Bereft of logic but damn good at keeping viewers angry and invested, “The Last of the Starks” is a powerful testament to the show’s ability to continue to suspend disbelief even as ludicrous creative decisions and blatantly stupid characters have become part of its identity. “The Last of the Starks” is a fairly solid episode bolstered by strong performances and raised stakes, making it one of the best, most tense episodes we’ve seen in years. Not a high bar, but still notable. It’s still bogged down by all kinds of problems, but compared to what we’ve gotten so far it’s exciting stuff.
Say what you want about the seventh season, but it’s difficult to deny that the build-up to the Jon-is-a-Targaryen reveal proved more compelling (and more emotional) than the fallout that follows. And, as a journalist, I’ve gotta say: Bran is both a primary and a secondary source. When Bran revealed Jon’s true identity to Sam last season, it felt more credible and weighty than Jon going around volunteering that information based on the word of his best friend. “If your mother says she loves you, check it out.”
I really could not care less about it plays out for him from here because he’ll probably end up becoming the Bad King if I get too invested in a particular outcome.

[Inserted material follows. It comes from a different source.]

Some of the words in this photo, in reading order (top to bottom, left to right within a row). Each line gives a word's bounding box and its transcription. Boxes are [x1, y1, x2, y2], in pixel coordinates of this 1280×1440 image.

All that said, this episode is chock-full of developments big and small. Brienne experiences the Fist of Her First Man. Jaime proves he’s still a spineless cock. Missandei’s circumstances at King’s Landing take a harrowing turn. Grey Worm nearly pukes. And Jon Snow? He’s just as clueless and irresponsible as ever. The “Psst, listen” exchanges between Jon and his not-really-sisters play out like those of middle-schoolers trading secrets during recess. The conversations lack maturity, depth, and emotion. Of course, there’s some sophistication to the goings-on. Unlike middle school politics, Westerosi gossip has the potential to get your loquacious ass killed. And obviously, that comes with significant risk. It wouldn’t be proper Thrones without those stakes. That potential is ever present, but here the risk plays second banana to the immediacy of the petty drama.

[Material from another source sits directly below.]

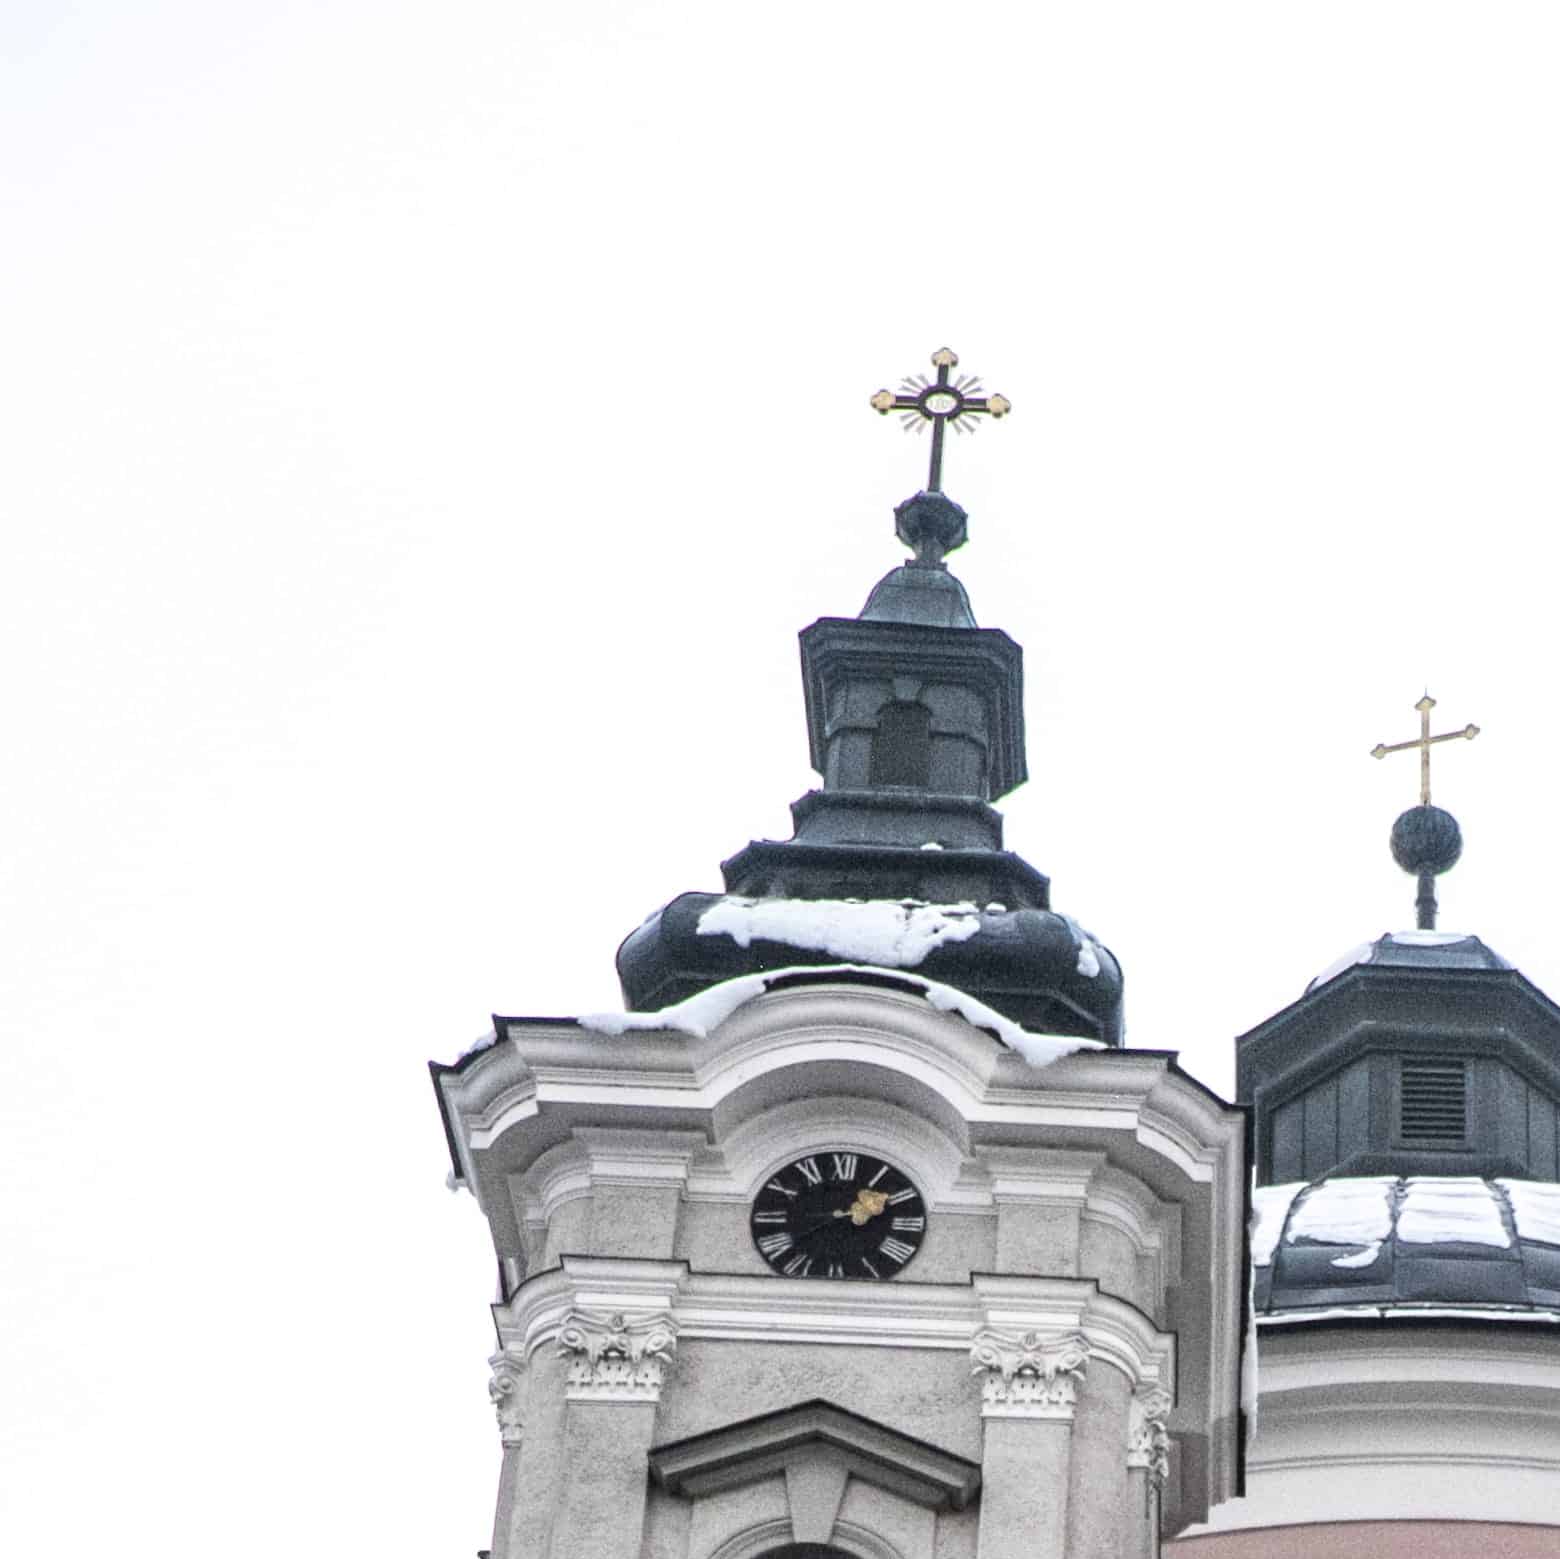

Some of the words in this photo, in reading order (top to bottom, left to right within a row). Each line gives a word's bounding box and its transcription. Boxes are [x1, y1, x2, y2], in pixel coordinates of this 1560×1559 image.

[795, 1157, 823, 1187] XI
[829, 1154, 858, 1181] XII
[891, 1216, 925, 1232] III

Pilou Asbaek’s turn as the homicidal Greyjoy usurper is as convincing as ever, but why is he even here? Last season, he left King’s Landing with no intention to return. The dead terrified him, and he resigned himself to the Iron Islands to wait out the imminent conflict with the Night King. Within the first half hour of this season, he’s back and ready to party with Cersei Lannister. It makes little narrative sense and softens the impact of Theon’s now-fulfilled mission to save his sister (which happened far too quickly and with little fanfare). Now Theon is a charred corpse and Euron still breathes that sweet southern air.
If there’s anything to take away from “The Last of the Starks,” it’s that the storytelling that once elevated Game of Thrones has devolved. Those hoping for a solid ending to the series are probably already disappointed. I know I am.